Your response should be the listing below, repeated exactly and in full.

■ **Records shown**:
****
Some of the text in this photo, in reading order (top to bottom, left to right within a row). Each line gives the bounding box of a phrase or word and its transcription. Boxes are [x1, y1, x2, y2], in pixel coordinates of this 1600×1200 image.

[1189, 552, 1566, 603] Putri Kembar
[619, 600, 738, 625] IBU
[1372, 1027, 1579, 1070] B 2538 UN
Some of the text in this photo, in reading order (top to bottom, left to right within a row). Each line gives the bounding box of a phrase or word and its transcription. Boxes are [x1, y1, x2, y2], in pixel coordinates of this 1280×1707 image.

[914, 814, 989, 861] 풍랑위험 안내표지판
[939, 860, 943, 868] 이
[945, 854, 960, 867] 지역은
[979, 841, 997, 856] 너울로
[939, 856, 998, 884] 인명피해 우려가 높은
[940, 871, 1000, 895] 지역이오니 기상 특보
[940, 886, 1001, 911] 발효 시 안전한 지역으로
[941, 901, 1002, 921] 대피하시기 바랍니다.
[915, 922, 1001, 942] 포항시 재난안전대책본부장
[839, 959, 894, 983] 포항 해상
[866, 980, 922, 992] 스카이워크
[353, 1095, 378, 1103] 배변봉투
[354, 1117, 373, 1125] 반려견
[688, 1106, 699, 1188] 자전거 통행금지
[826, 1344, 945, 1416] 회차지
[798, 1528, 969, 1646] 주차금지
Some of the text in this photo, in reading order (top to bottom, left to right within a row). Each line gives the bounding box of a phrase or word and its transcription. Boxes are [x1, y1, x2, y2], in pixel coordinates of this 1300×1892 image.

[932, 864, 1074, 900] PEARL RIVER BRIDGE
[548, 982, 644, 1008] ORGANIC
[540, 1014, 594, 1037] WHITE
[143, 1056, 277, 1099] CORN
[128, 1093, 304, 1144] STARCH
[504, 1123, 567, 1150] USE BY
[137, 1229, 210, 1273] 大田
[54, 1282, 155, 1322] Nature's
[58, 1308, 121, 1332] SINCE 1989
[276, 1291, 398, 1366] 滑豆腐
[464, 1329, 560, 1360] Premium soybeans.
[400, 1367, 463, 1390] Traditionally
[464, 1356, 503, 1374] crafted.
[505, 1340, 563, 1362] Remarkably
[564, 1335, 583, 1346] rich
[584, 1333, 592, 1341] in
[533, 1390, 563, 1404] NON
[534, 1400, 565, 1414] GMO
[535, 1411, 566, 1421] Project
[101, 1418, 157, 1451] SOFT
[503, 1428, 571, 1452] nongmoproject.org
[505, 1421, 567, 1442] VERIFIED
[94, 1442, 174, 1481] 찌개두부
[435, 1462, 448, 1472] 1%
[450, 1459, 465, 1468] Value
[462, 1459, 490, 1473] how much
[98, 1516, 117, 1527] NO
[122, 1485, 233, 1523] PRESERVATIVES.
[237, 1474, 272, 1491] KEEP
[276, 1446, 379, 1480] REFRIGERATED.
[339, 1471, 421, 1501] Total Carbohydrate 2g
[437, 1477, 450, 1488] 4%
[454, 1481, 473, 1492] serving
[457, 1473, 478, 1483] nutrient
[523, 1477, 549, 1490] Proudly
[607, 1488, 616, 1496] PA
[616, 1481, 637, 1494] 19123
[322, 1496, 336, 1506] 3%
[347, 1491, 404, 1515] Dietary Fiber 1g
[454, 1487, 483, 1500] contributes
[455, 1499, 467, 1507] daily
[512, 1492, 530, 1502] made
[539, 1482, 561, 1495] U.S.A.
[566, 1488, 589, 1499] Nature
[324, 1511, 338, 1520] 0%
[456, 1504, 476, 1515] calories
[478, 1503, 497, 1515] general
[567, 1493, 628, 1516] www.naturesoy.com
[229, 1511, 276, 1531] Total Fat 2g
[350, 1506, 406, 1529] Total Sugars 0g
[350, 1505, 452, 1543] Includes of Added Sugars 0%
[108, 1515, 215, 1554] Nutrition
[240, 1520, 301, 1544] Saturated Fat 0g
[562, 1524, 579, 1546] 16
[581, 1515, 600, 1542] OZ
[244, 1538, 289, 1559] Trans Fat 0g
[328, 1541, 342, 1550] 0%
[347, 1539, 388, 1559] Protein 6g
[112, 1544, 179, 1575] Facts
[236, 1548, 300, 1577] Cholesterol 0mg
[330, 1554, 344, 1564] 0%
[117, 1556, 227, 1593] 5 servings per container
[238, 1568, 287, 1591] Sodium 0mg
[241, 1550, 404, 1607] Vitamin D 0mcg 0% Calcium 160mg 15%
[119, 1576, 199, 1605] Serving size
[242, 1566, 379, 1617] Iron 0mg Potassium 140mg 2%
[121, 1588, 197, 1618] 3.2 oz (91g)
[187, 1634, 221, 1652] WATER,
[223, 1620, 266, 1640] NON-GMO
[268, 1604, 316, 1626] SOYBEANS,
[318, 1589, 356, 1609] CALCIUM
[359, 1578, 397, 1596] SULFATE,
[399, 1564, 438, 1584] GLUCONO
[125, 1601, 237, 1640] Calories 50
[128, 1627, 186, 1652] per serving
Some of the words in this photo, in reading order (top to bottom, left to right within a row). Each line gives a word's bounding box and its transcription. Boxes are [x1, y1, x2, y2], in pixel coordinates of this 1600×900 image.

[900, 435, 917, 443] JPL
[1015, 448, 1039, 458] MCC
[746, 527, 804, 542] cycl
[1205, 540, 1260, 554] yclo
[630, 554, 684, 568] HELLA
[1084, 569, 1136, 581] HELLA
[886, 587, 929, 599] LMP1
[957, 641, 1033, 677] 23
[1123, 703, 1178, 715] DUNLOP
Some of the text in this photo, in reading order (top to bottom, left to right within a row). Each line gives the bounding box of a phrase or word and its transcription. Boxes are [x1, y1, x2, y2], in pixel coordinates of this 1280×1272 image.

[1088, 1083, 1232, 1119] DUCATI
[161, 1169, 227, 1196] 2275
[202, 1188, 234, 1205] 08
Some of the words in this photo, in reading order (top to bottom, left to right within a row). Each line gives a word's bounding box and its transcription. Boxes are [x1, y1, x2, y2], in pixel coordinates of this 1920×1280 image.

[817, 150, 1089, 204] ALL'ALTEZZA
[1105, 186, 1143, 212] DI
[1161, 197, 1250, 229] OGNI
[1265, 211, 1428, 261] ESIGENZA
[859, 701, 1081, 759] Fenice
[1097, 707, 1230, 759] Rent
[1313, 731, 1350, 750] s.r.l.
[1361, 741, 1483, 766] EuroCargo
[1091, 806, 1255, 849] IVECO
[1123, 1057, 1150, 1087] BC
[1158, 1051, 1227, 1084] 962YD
****
■ **Answer for the task**:
Some of the text in this photo, in reading order (top to bottom, left to right within a row). Each line gives the bounding box of a phrase or word and its transcription. Boxes are [x1, y1, x2, y2], in pixel coordinates of this 1600×1200 image.

[1189, 552, 1566, 603] Putri Kembar
[619, 600, 738, 625] IBU
[1372, 1027, 1579, 1070] B 2538 UN
Some of the text in this photo, in reading order (top to bottom, left to right within a row). Each line gives the bounding box of a phrase or word and its transcription. Boxes are [x1, y1, x2, y2], in pixel coordinates of this 1280×1707 image.

[914, 814, 989, 861] 풍랑위험 안내표지판
[939, 860, 943, 868] 이
[945, 854, 960, 867] 지역은
[979, 841, 997, 856] 너울로
[939, 856, 998, 884] 인명피해 우려가 높은
[940, 871, 1000, 895] 지역이오니 기상 특보
[940, 886, 1001, 911] 발효 시 안전한 지역으로
[941, 901, 1002, 921] 대피하시기 바랍니다.
[915, 922, 1001, 942] 포항시 재난안전대책본부장
[839, 959, 894, 983] 포항 해상
[866, 980, 922, 992] 스카이워크
[353, 1095, 378, 1103] 배변봉투
[354, 1117, 373, 1125] 반려견
[688, 1106, 699, 1188] 자전거 통행금지
[826, 1344, 945, 1416] 회차지
[798, 1528, 969, 1646] 주차금지
Some of the text in this photo, in reading order (top to bottom, left to right within a row). Each line gives the bounding box of a phrase or word and its transcription. Boxes are [x1, y1, x2, y2], in pixel coordinates of this 1300×1892 image.

[932, 864, 1074, 900] PEARL RIVER BRIDGE
[548, 982, 644, 1008] ORGANIC
[540, 1014, 594, 1037] WHITE
[143, 1056, 277, 1099] CORN
[128, 1093, 304, 1144] STARCH
[504, 1123, 567, 1150] USE BY
[137, 1229, 210, 1273] 大田
[54, 1282, 155, 1322] Nature's
[58, 1308, 121, 1332] SINCE 1989
[276, 1291, 398, 1366] 滑豆腐
[464, 1329, 560, 1360] Premium soybeans.
[400, 1367, 463, 1390] Traditionally
[464, 1356, 503, 1374] crafted.
[505, 1340, 563, 1362] Remarkably
[564, 1335, 583, 1346] rich
[584, 1333, 592, 1341] in
[533, 1390, 563, 1404] NON
[534, 1400, 565, 1414] GMO
[535, 1411, 566, 1421] Project
[101, 1418, 157, 1451] SOFT
[503, 1428, 571, 1452] nongmoproject.org
[505, 1421, 567, 1442] VERIFIED
[94, 1442, 174, 1481] 찌개두부
[435, 1462, 448, 1472] 1%
[450, 1459, 465, 1468] Value
[462, 1459, 490, 1473] how much
[98, 1516, 117, 1527] NO
[122, 1485, 233, 1523] PRESERVATIVES.
[237, 1474, 272, 1491] KEEP
[276, 1446, 379, 1480] REFRIGERATED.
[339, 1471, 421, 1501] Total Carbohydrate 2g
[437, 1477, 450, 1488] 4%
[454, 1481, 473, 1492] serving
[457, 1473, 478, 1483] nutrient
[523, 1477, 549, 1490] Proudly
[607, 1488, 616, 1496] PA
[616, 1481, 637, 1494] 19123
[322, 1496, 336, 1506] 3%
[347, 1491, 404, 1515] Dietary Fiber 1g
[454, 1487, 483, 1500] contributes
[455, 1499, 467, 1507] daily
[512, 1492, 530, 1502] made
[539, 1482, 561, 1495] U.S.A.
[566, 1488, 589, 1499] Nature
[324, 1511, 338, 1520] 0%
[456, 1504, 476, 1515] calories
[478, 1503, 497, 1515] general
[567, 1493, 628, 1516] www.naturesoy.com
[229, 1511, 276, 1531] Total Fat 2g
[350, 1506, 406, 1529] Total Sugars 0g
[350, 1505, 452, 1543] Includes of Added Sugars 0%
[108, 1515, 215, 1554] Nutrition
[240, 1520, 301, 1544] Saturated Fat 0g
[562, 1524, 579, 1546] 16
[581, 1515, 600, 1542] OZ
[244, 1538, 289, 1559] Trans Fat 0g
[328, 1541, 342, 1550] 0%
[347, 1539, 388, 1559] Protein 6g
[112, 1544, 179, 1575] Facts
[236, 1548, 300, 1577] Cholesterol 0mg
[330, 1554, 344, 1564] 0%
[117, 1556, 227, 1593] 5 servings per container
[238, 1568, 287, 1591] Sodium 0mg
[241, 1550, 404, 1607] Vitamin D 0mcg 0% Calcium 160mg 15%
[119, 1576, 199, 1605] Serving size
[242, 1566, 379, 1617] Iron 0mg Potassium 140mg 2%
[121, 1588, 197, 1618] 3.2 oz (91g)
[187, 1634, 221, 1652] WATER,
[223, 1620, 266, 1640] NON-GMO
[268, 1604, 316, 1626] SOYBEANS,
[318, 1589, 356, 1609] CALCIUM
[359, 1578, 397, 1596] SULFATE,
[399, 1564, 438, 1584] GLUCONO
[125, 1601, 237, 1640] Calories 50
[128, 1627, 186, 1652] per serving
Some of the words in this photo, in reading order (top to bottom, left to right within a row). Each line gives a word's bounding box and its transcription. Boxes are [x1, y1, x2, y2], in pixel coordinates of this 1600×900 image.

[900, 435, 917, 443] JPL
[1015, 448, 1039, 458] MCC
[746, 527, 804, 542] cycl
[1205, 540, 1260, 554] yclo
[630, 554, 684, 568] HELLA
[1084, 569, 1136, 581] HELLA
[886, 587, 929, 599] LMP1
[957, 641, 1033, 677] 23
[1123, 703, 1178, 715] DUNLOP
Some of the text in this photo, in reading order (top to bottom, left to right within a row). Each line gives the bounding box of a phrase or word and its transcription. Boxes are [x1, y1, x2, y2], in pixel coordinates of this 1280×1272 image.

[1088, 1083, 1232, 1119] DUCATI
[161, 1169, 227, 1196] 2275
[202, 1188, 234, 1205] 08
Some of the words in this photo, in reading order (top to bottom, left to right within a row). Each line gives a word's bounding box and its transcription. Boxes are [x1, y1, x2, y2], in pixel coordinates of this 1920×1280 image.

[817, 150, 1089, 204] ALL'ALTEZZA
[1105, 186, 1143, 212] DI
[1161, 197, 1250, 229] OGNI
[1265, 211, 1428, 261] ESIGENZA
[859, 701, 1081, 759] Fenice
[1097, 707, 1230, 759] Rent
[1313, 731, 1350, 750] s.r.l.
[1361, 741, 1483, 766] EuroCargo
[1091, 806, 1255, 849] IVECO
[1123, 1057, 1150, 1087] BC
[1158, 1051, 1227, 1084] 962YD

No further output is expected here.